Pero, ¿qué dice la Constitución Política de los Estados Unidos Mexicanos al respecto? A continuación, te explicamos lo que establece la ley y si este escenario podría concretarse en un futuro.
¿Puede un estado mexicano independizarse?
La Constitución Política de los Estados Unidos Mexicanos es el documento que rige la vida del país. En ella se establecen las reglas de gobierno, los derechos de los ciudadanos y, sobre todo, que la nación es "única e indivisible". Esto significa que los 32 estados, incluyendo la Ciudad de México, forman un solo conjunto que no se puede romper.
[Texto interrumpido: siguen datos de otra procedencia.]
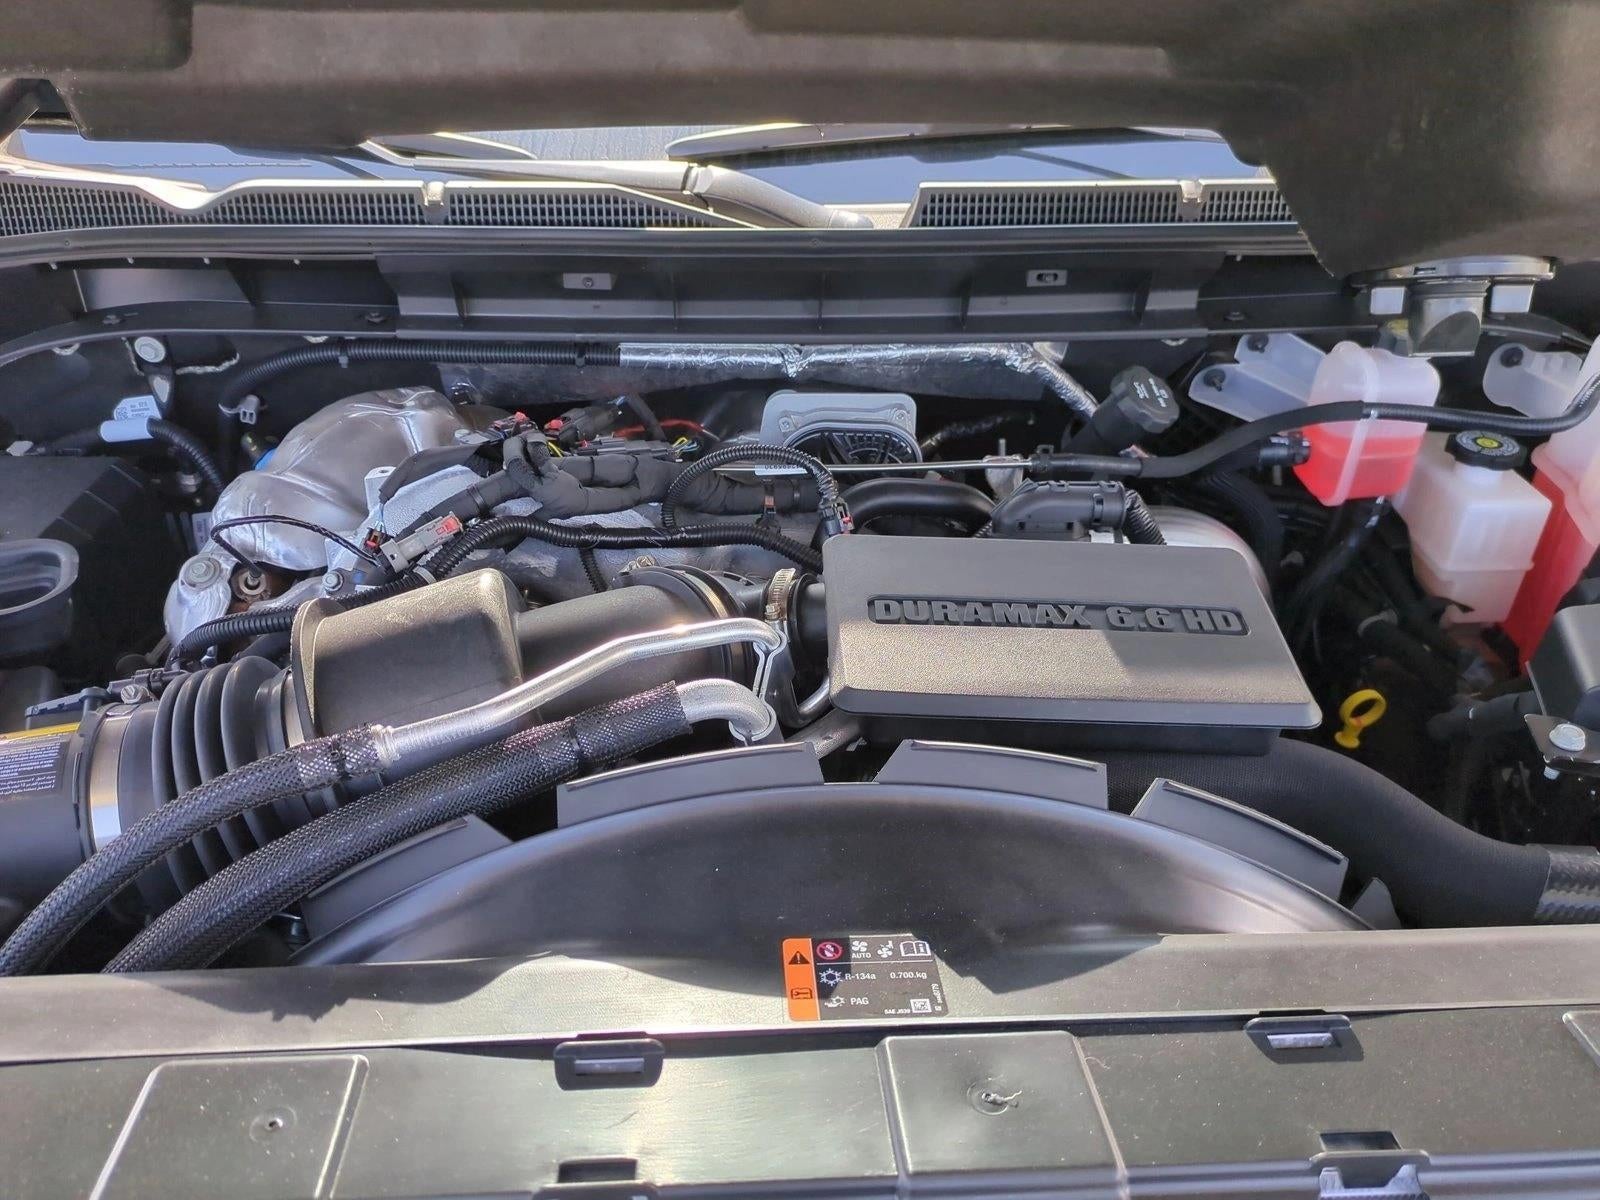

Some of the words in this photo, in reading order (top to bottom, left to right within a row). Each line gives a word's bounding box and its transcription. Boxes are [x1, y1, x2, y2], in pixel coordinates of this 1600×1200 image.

[874, 599, 1092, 628] DURAMAX
[1104, 605, 1174, 632] 6.6
[1180, 608, 1243, 633] HD
[845, 972, 876, 980] R-134a
[850, 997, 870, 1006] PAG
Debido a este principio, la ley no contempla la separación de un estado como Nuevo León. Para que esto fuera posible, se tendría que seguir un proceso legal tan complicado y lleno de requisitos que, en la práctica, es casi imposible de lograr, ya que la Constitución fue diseñada para proteger la unidad del territorio nacional.
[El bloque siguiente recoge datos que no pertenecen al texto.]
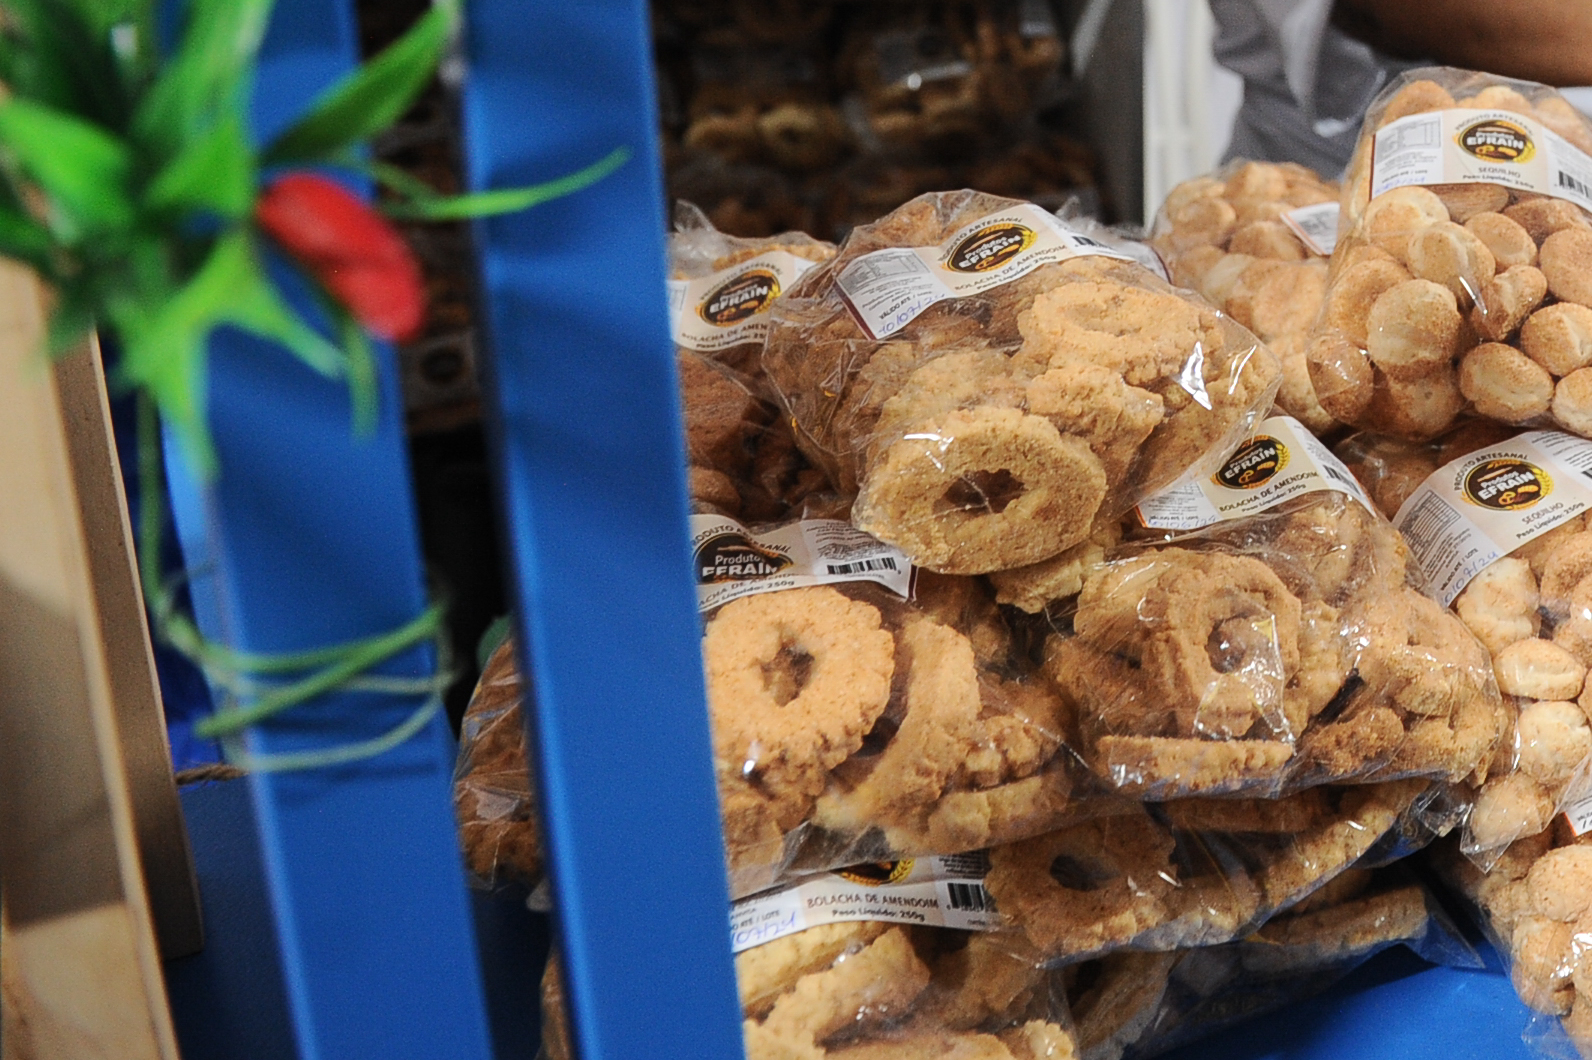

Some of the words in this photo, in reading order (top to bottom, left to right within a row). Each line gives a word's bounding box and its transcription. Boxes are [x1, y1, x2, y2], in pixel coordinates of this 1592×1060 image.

[1466, 136, 1524, 149] EFRAIN
[1478, 166, 1521, 179] SEQUILHO
[959, 235, 1022, 268] EFRAIN
[1002, 265, 1015, 275] DE
[1017, 244, 1067, 266] AMENDOIM
[710, 285, 769, 314] EFRAIN
[742, 323, 768, 332] AMEN
[1224, 447, 1276, 479] EFRAIN
[1454, 459, 1476, 491] PRODUTO
[1475, 452, 1528, 462] ARTESANAL
[1218, 495, 1260, 512] BOLACHA
[1260, 488, 1273, 498] DE
[1274, 471, 1319, 492] AMENDOIM
[1478, 471, 1536, 500] EFRAIN
[1521, 502, 1564, 525] SEQUILHO
[767, 580, 795, 589] 250g
[807, 892, 862, 908] BOLACHA
[865, 893, 880, 904] DE
[882, 895, 939, 909] AMENDOIM
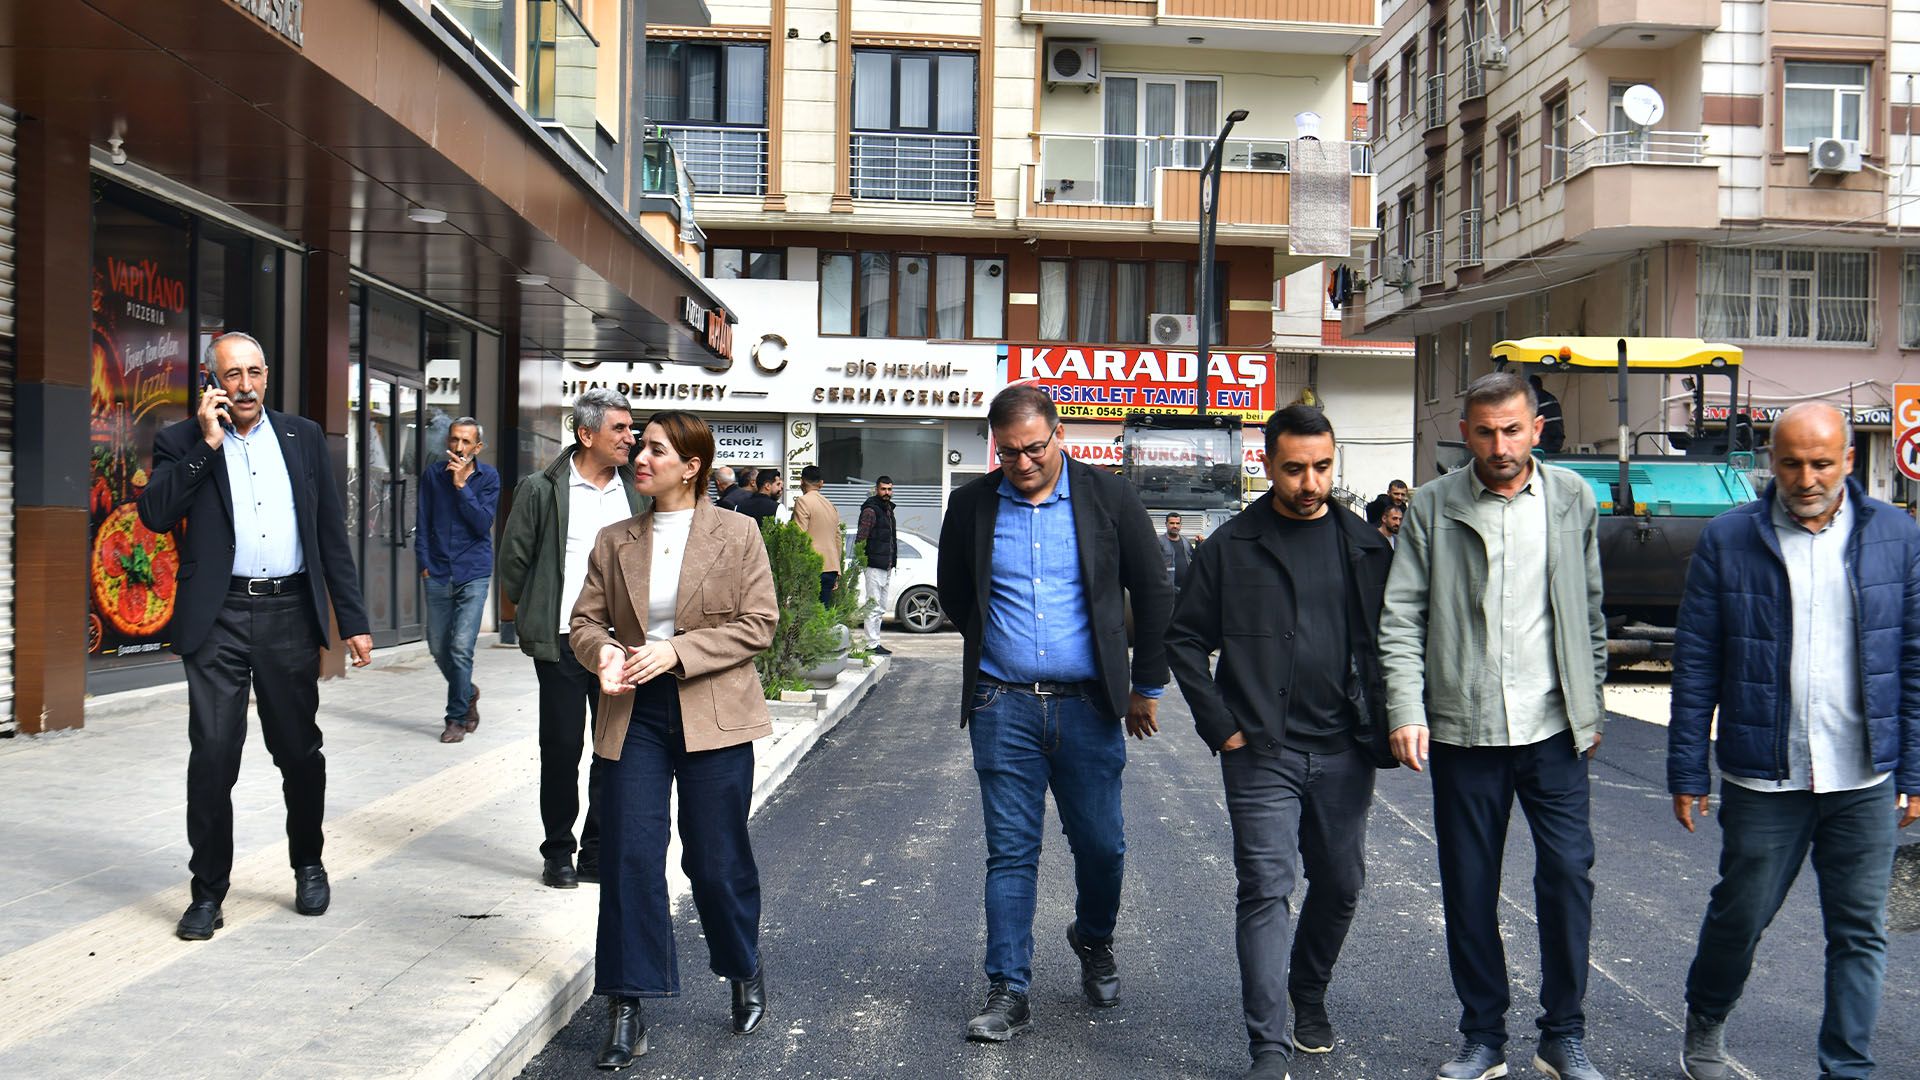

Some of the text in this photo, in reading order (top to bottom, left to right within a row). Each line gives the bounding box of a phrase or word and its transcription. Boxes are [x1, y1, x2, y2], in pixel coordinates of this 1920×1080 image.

¿Qué tendría que pasar para que Nuevo León se independice?
El proceso de independencia constaría de varias etapas en la que comenzaría en el ámbito local con la legislatura de Nuevo León amparada a través del Artículo 116 el cual garantiza la autonomía estatal en asuntos internos y que podría impulsar una resolución o consulta para expresar la intención de separarse.
Aunque alguien propusiera la independencia de Nuevo León, no podría hacerse a través de una simple consulta ciudadana. La ley mexicana, en su Artículo 35, prohíbe las consultas populares sobre temas que afecten la estructura del país. La independencia, al cambiar la forma y el territorio de la nación, no cabe en esta opción.
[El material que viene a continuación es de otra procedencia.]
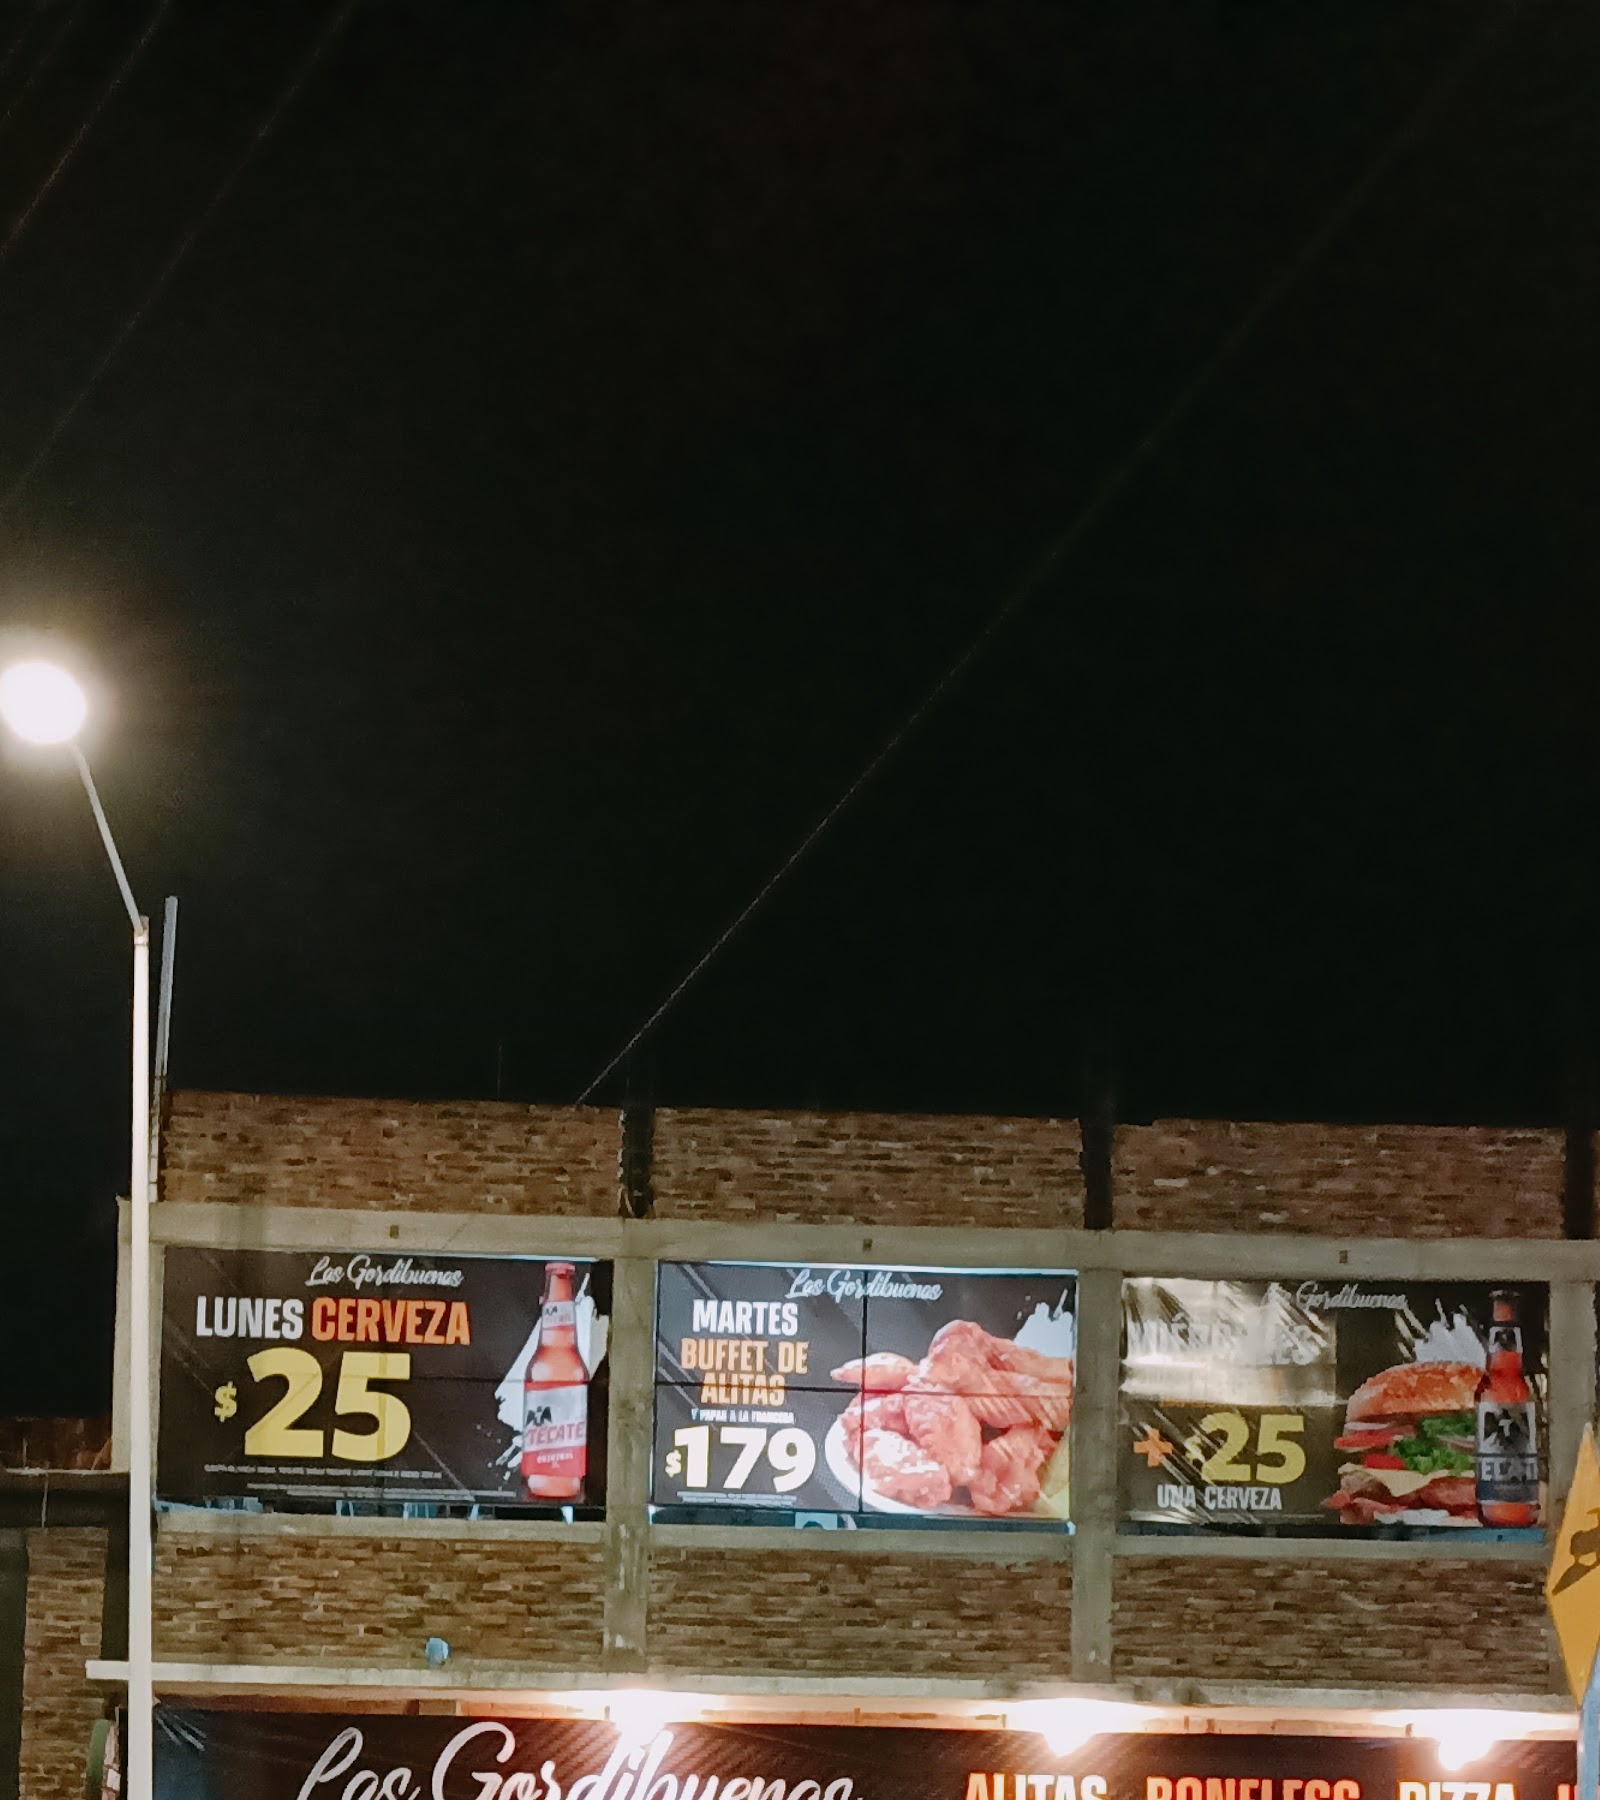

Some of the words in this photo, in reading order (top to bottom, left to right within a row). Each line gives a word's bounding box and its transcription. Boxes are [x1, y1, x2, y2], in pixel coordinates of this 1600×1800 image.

El único camino sería llevar la propuesta al Congreso de la Unión para reformar la Constitución. Esta idea podría ser presentada por:
- El presidente de México.
- Una tercera parte de los diputados o senadores (167 de 500 diputados o 43 de 128 senadores).
- Al menos 22 de los 31 estados del país (sin contar Nuevo León).
Para que la reforma se apruebe, tendría que obtener un apoyo masivo en ambas cámaras del Congreso: al menos 334 de 500 diputados y 86 de 128 senadores tendrían que votar a favor. Este proceso tan riguroso demuestra lo difícil que es cambiar el pacto federal en México.
El paso final: la aprobación de los estados
Una vez que la reforma para la independencia de un estado es aprobada por el Congreso, el proceso no termina ahí. Para que sea válida, al menos 17 de las 31 legislaturas estatales (más de la mitad del país) deben ratificarla.
Este último paso garantiza que la decisión de una posible separación refleje la voluntad de la mayoría de la Federación, y no solo la de los legisladores federales.
¿Qué problemas podría enfrentar la independencia de Nuevo León?
Más allá de crear una nueva bandera y leyes, una posible independencia de Nuevo León tendría serias implicaciones legales y diplomáticas.
Según el Artículo 133 de la Constitución, los tratados internacionales de México son parte de su marco legal. Esto significa que Nuevo León tendría que renegociar acuerdos clave como el T-MEC, un proceso que está en manos del gobierno federal.
Otro obstáculo importante sería obtener el reconocimiento internacional como un nuevo país soberano. La Ley de Relaciones Exteriores no contempla la fragmentación del territorio, por lo que cualquier intento de separación unilateral, es decir, sin seguir los pasos legales, sería considerado inconstitucional y no tendría validez legal.